Change in the percentage of retinal area involved with retinitis was related to treatment for CMV retinitis in the MACRT (P<.001), and there was a suggestion that it was in the CRRT (P= .08), but not in the FGCRT (Table 3). In the CRRT, IV ganciclovir therapy was associated with a mean increase in the percentage of retinal area involved with retinitis over the first 6 months of follow-up of 1.9% compared with IV combination therapy; IV foscarnet was associated with an increase of 1.3% compared with IV ganciclovir. For example, the estimated mean increases in retinal area involved after 6 months of follow-up were 15.2%, 13.3%, and 16.5% for IV ganciclovir, IV combination, and IV foscarnet, respectively. In the MACRT, IV or oral systemic monotherapy was associated with a mean increase of 5.2% as compared with IV combination therapy and an increase of 4.6% as compared with local therapy. After 6 months, the mean increases in retinal area with retinitis for involved eyes of newly diagnosed patients were 10.1%, 4.9%, and 5.4% for monotherapy, IV combination therapy, and local therapy, respectively.

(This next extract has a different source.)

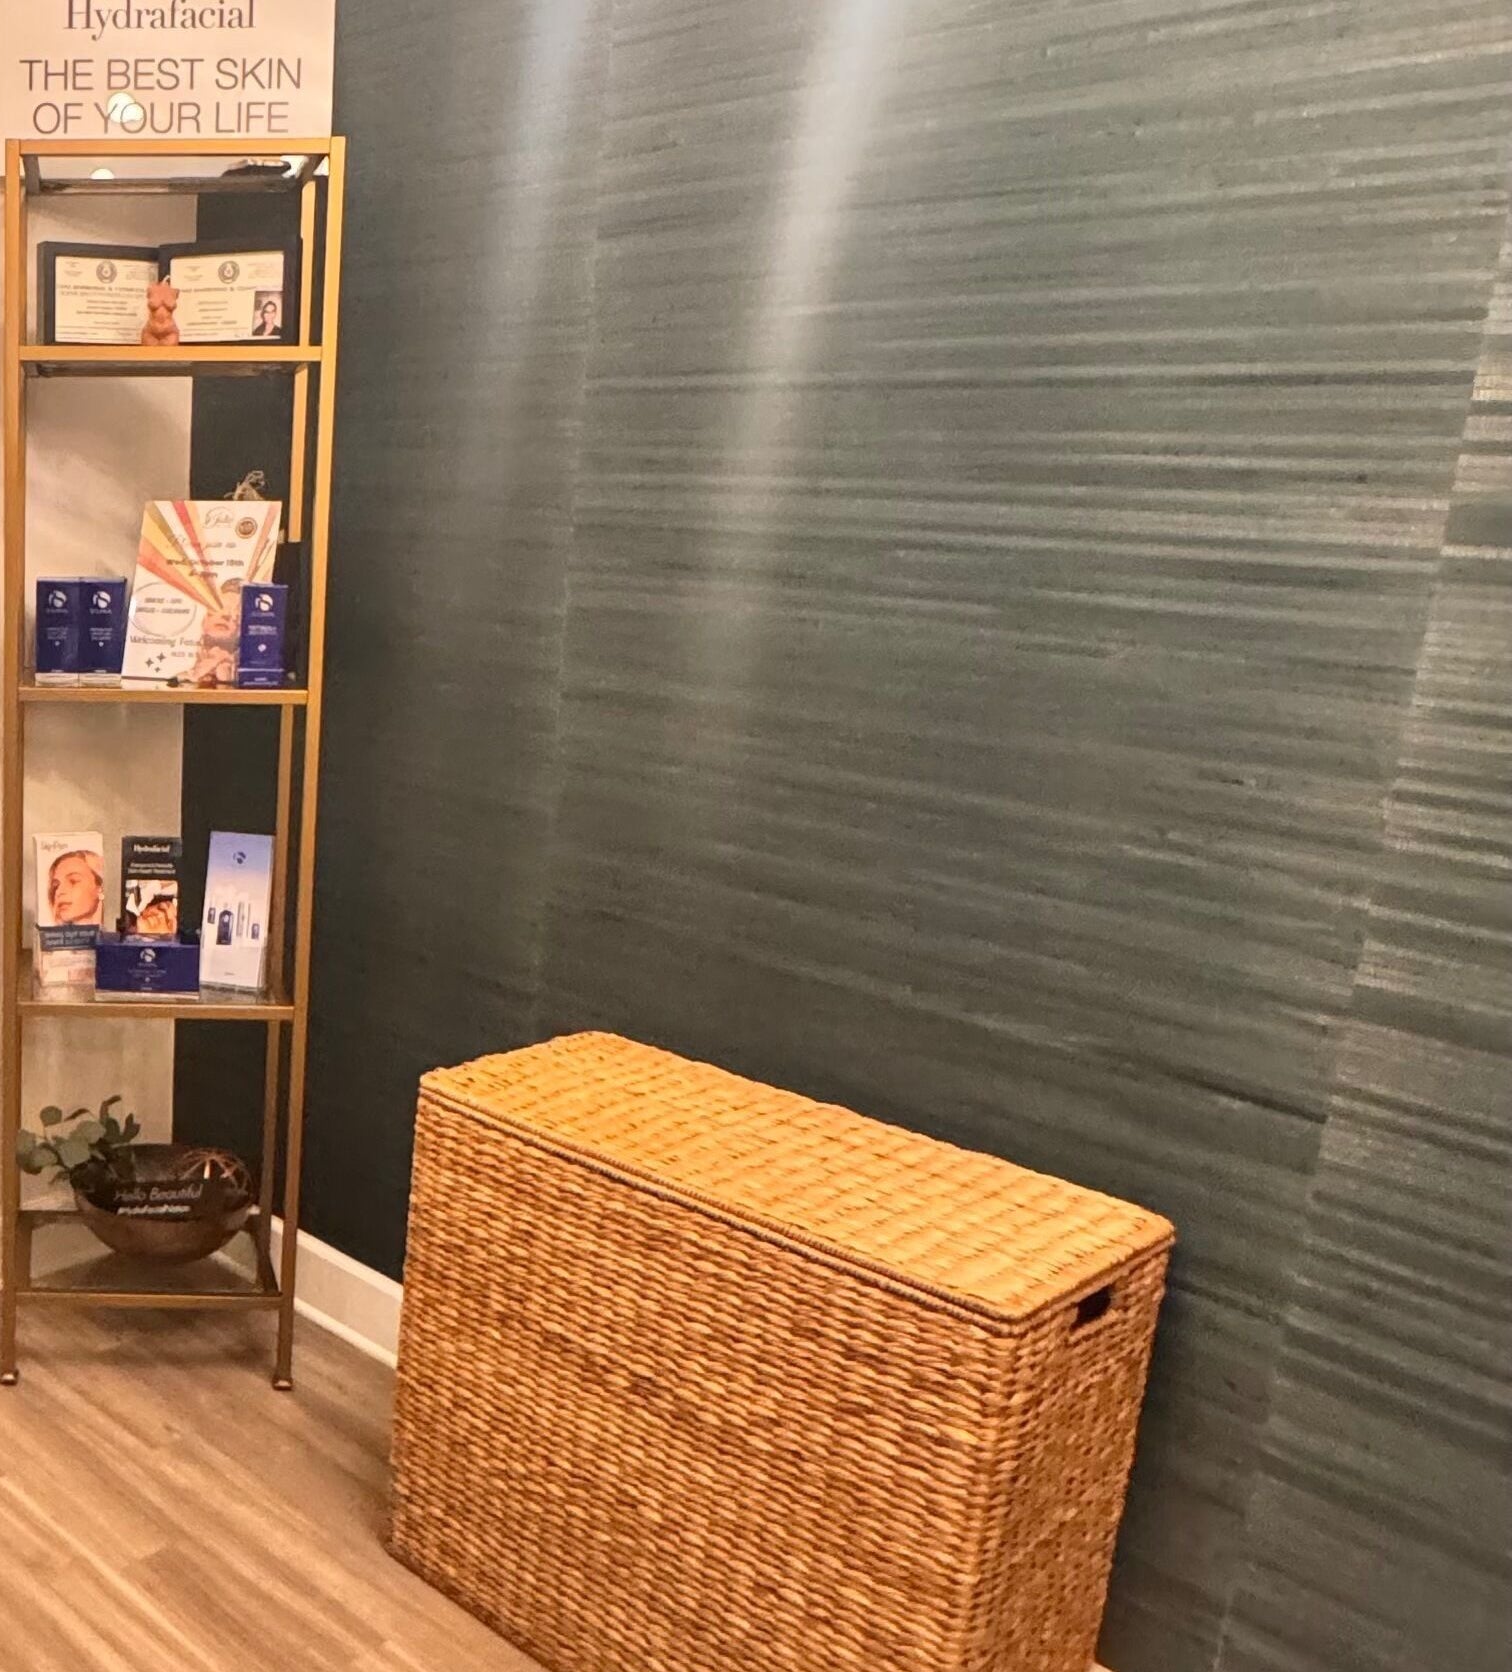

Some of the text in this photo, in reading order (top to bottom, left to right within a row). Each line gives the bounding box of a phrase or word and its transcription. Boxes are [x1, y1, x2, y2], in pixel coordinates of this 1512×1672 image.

[63, 0, 256, 41] Hydrafacial
[19, 57, 301, 91] THE BEST SKIN
[32, 101, 289, 134] OF YOUR LIFE

VISUAL ACUITY DECLINE IN INVOLVED EYES

Visual acuity results from follow-up were available on 88% to 94% of involved eyes. After adjustment for stage of retinitis and initial treatment for CMV, the median times to decline in visual acuity of 15 letters or more on an Early Treatment Diabetic Retinopathy Study chart (eg, going from 20/20 to 20/40 in Snellen equivalents) differed among the trials (Table 3) (P = .02) (Figure 1). Involved eyes of patients with newly diagnosed and relapsed retinitis had similar risks of events (Table 3) (P = .45). Initial treatment for CMV retinitis did not influence the risk of visual acuity decline in any of the trials (Table 3).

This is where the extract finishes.